Photo credits: The Los Angeles Daily News
The images and events from the first half of 1992 inside one of America’s largest cities will live on in infamy.
Four Los Angeles police officers were absolved of any misconduct in the arrest after being shown on camera punching an unarmed African American driver. Outrage and protest erupted into violence hours after the findings were released, resulting in the historic LA Riots. Protesters in south-central Los Angeles obstructed roads and destroyed vehicles. They wrecked and looted several downtown businesses and buildings. They also set over 100 fires.
On March 3, 1991, Rodney King, a scared and unarmed black motorist, led cops on a high-speed pursuit through the streets of Los Angeles County. King resisted arrest and was violently attacked to the extreme by police officers Laurence Powell, Theodore Briseno, and Timothy Wind. King was intoxicated, however. Unbeknownst to the authorities, a bystander with a personal video camera was documenting the arrest, and the 89-second footage shows the officers kicking and hitting King long after he had lost his ability to fight. The video provoked anger throughout the country and ignited a national discussion about police violence once it was made public.

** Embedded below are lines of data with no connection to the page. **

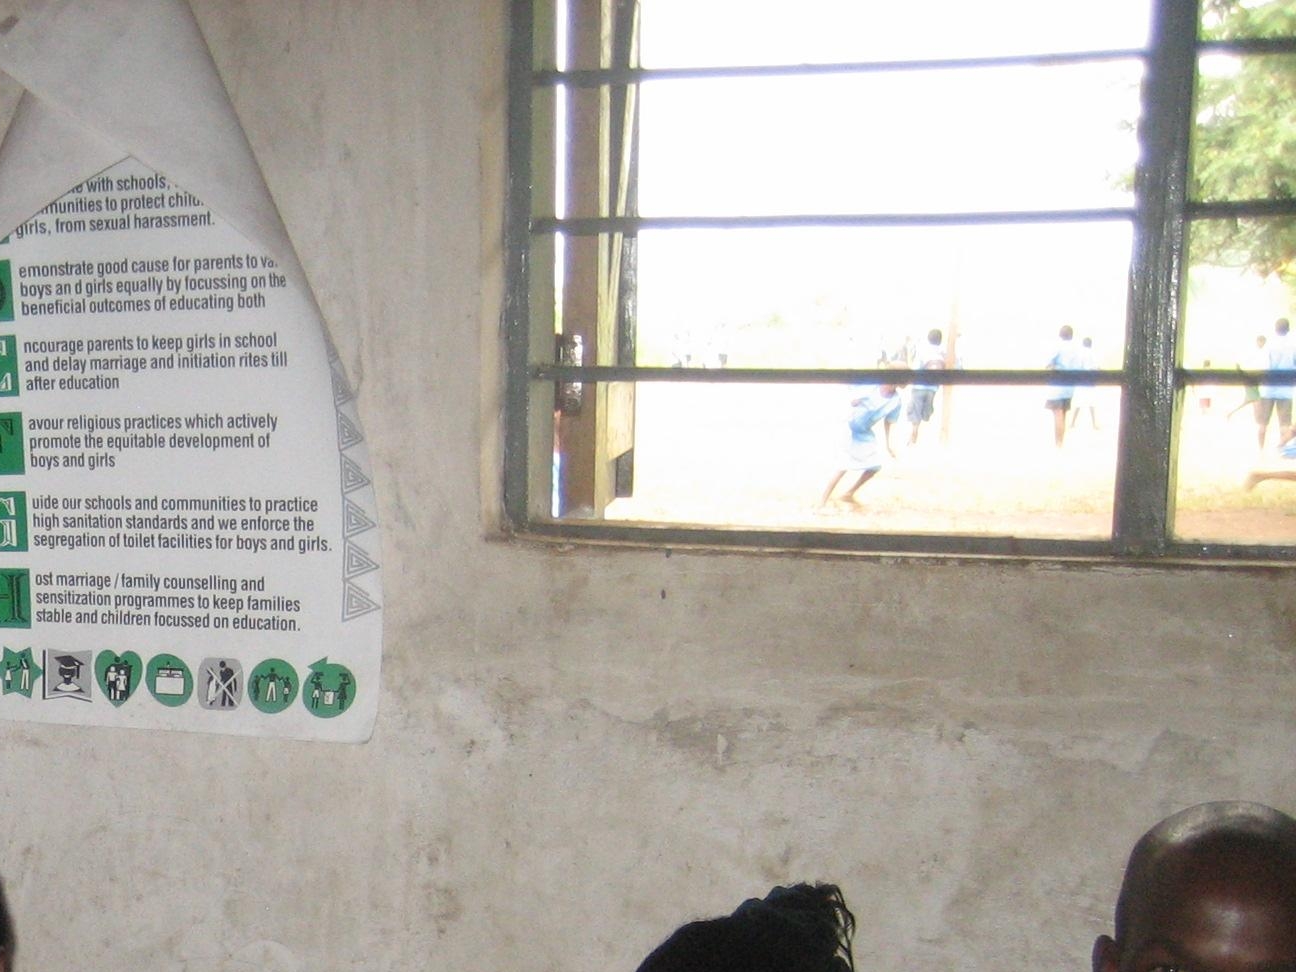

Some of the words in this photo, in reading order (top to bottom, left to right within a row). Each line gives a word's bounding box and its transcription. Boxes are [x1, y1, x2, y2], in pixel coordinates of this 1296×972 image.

[14, 220, 53, 239] girls,
[55, 217, 87, 233] from
[88, 213, 131, 232] sexual
[133, 210, 215, 229] harassment.
[18, 260, 95, 279] emonstrate
[97, 257, 129, 279] good
[131, 259, 170, 274] cause
[172, 255, 191, 272] for
[193, 254, 244, 275] parents
[245, 253, 259, 269] to
[19, 281, 53, 300] boys
[85, 277, 113, 298] girls
[115, 276, 164, 297] equally
[165, 275, 182, 295] by
[184, 273, 248, 293] focussing
[250, 275, 267, 289] on
[268, 271, 287, 289] the
[21, 297, 87, 317] beneficial
[89, 297, 151, 314] outcomes
[153, 295, 167, 312] of
[169, 293, 234, 313] educating
[237, 291, 266, 309] both
[23, 339, 84, 356] ncourage
[86, 335, 135, 356] parents
[135, 335, 149, 351] to
[151, 335, 183, 353] keep
[185, 333, 216, 353] girls
[219, 332, 232, 349] in
[234, 331, 277, 349] school
[24, 355, 50, 373] and
[52, 355, 87, 375] delay
[89, 354, 147, 373] marriage
[149, 353, 175, 370] and
[177, 351, 236, 369] initiation
[239, 351, 269, 368] rites
[270, 351, 288, 367] till
[25, 375, 57, 391] after
[58, 373, 120, 391] education
[28, 417, 65, 431] avour
[66, 414, 121, 434] religious
[123, 413, 183, 433] practices
[184, 413, 224, 429] which
[226, 412, 278, 433] actively
[29, 433, 82, 453] promote
[83, 432, 104, 449] the
[106, 432, 166, 453] equitable
[168, 432, 255, 452] development
[257, 432, 271, 449] of
[29, 452, 60, 471] boys
[62, 451, 85, 468] and
[87, 451, 116, 471] girls
[31, 494, 59, 510] uide
[61, 497, 83, 510] our
[84, 495, 132, 511] schools
[134, 495, 159, 511] and
[161, 495, 247, 512] communities
[248, 496, 262, 512] to
[265, 496, 319, 515] practice
[32, 512, 60, 532] high
[62, 513, 123, 529] sanitation
[125, 513, 189, 531] standards
[190, 514, 215, 531] and
[217, 517, 238, 531] we
[240, 515, 291, 532] enforce
[292, 515, 315, 532] the
[33, 531, 106, 551] segregation
[108, 532, 121, 548] of
[122, 532, 155, 549] toilet
[157, 533, 213, 550] facilities
[215, 533, 234, 550] for
[235, 534, 268, 554] boys
[269, 535, 295, 551] and
[297, 535, 333, 555] girls.
[35, 571, 54, 587] ost
[55, 571, 112, 591] marriage
[120, 572, 161, 593] family
[163, 574, 238, 595] counselling
[240, 575, 265, 592] and
[35, 589, 112, 607] sensitization
[113, 594, 195, 611] programmes
[197, 593, 210, 610] to
[212, 593, 245, 614] keep
[246, 594, 301, 613] families
[35, 607, 73, 624] stable
[75, 609, 99, 625] and
[100, 609, 152, 627] children
[153, 611, 211, 629] focussed
[213, 616, 229, 629] on
[232, 613, 301, 632] education.
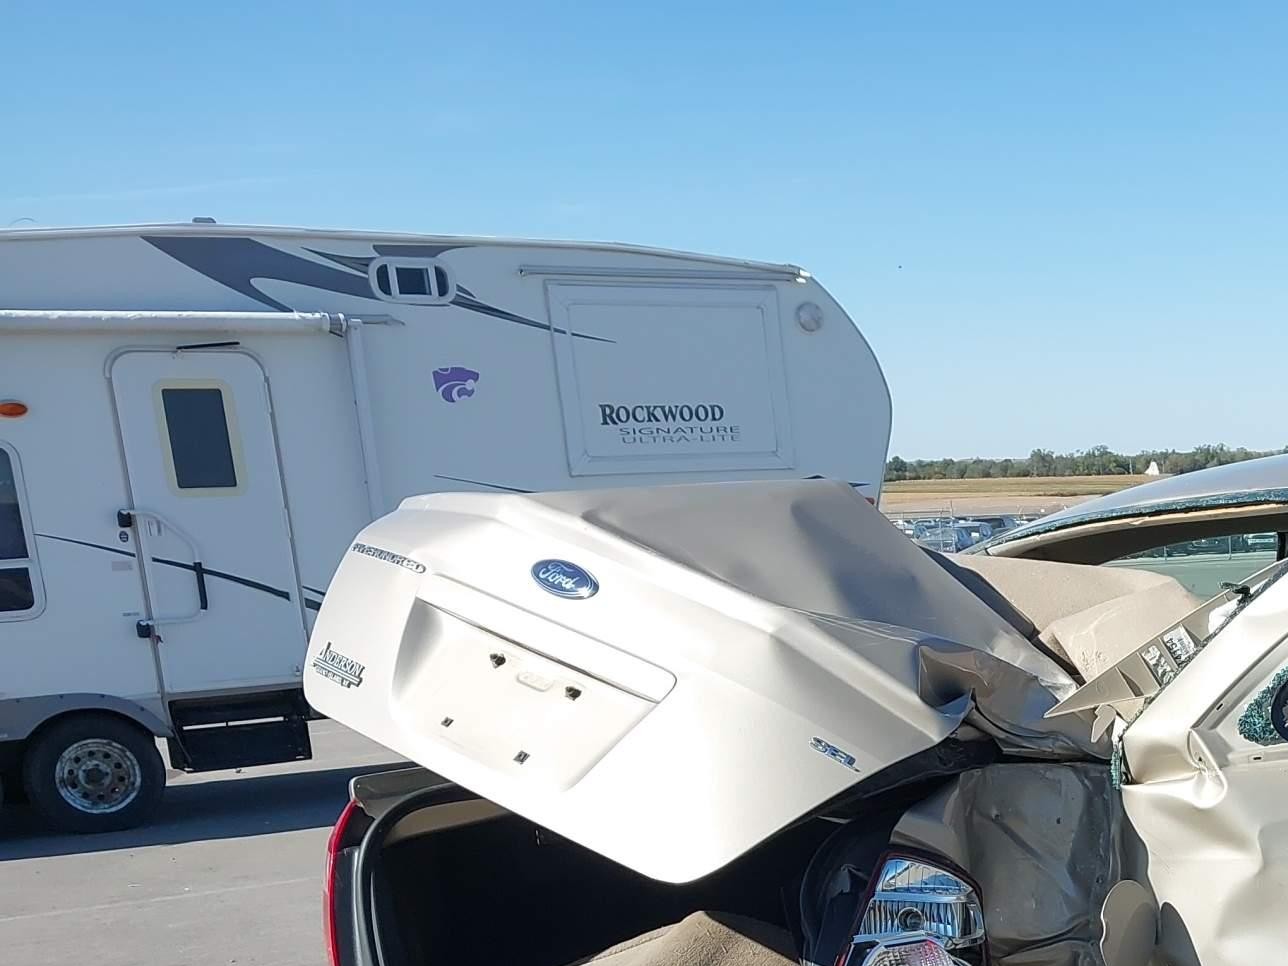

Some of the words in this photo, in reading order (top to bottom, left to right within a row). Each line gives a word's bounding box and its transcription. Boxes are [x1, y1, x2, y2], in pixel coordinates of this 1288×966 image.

Rodney King was freed without charges, but a grand jury in Los Angeles indicted Sergeant Stacey Koon, officers Powell, Wind, and Briseno in connection with the incident on March 15. Allegations of assault with a dangerous weapon and excessive use of force were leveled against all four. Despite the fact that Koon did not actively engage in the beating, he was charged with aiding and abetting since he was the commanding officer present at the time. Powell and Koon were also accused of fabricating reports.
The judge, Stanley Weisberg, was persuaded to shift the trial to Simi Valley in Ventura County over the outrage in Los Angeles surrounding the racially-charged incident of police brutality. The 12-person jury returned their findings on April 29, 1992: not guilty on all charges, with the exception of one assault accusation against Powell, which resulted in a hung jury. The acquittals sparked the LA riots, which turned into the biggest civil unrest in the United States in the twentieth century.
In south-central Los Angeles, violence erupted near the crossroads of Florence Boulevard and Normandie Avenue. Hundreds of automobiles were attacked by rioters, including Reginald Denny, a truck driver who was yanked out of his truck and almost murdered. A news helicopter flying above the neighborhood recorded the scene on camera.
Los Angeles police were slow to respond, and the violence spread across the city. California Governor Pete Wilson mobilized the National Guard and enforced a curfew at Mayor Tom Bradley’s request. By the morning, there were hundreds of fires roaring around the city, more than a dozen people had been killed, and hundreds more had been injured.
The chaos became worse over the next 24 hours when Korean shop owners in African-American neighborhoods defended their businesses with guns. President George W. Bush sent military troops and federal police with riot training to Los Angeles on May 1, and the city was under control by the end of the next day. Over 60 people were killed, over 2,000 were injured, 7,000 people were detained, and over $1 billion in property damage was caused, including the destruction of over 3,000 buildings.
Under federal law, the four officers might face criminal prosecution for violating Rodney King’s basic rights. A federal jury convicted Koon and Powell guilty of violating King’s rights by employing excessive force under the color of law on April 17, 1993. Despite the fact that Wind and Briseno were acquitted, the mixed verdict was seen as a victory by most civil rights campaigners.
On August 4, Koon and Powell were sentenced to two and a half years in prison. King drowned unintentionally in 2012 and died as a consequence.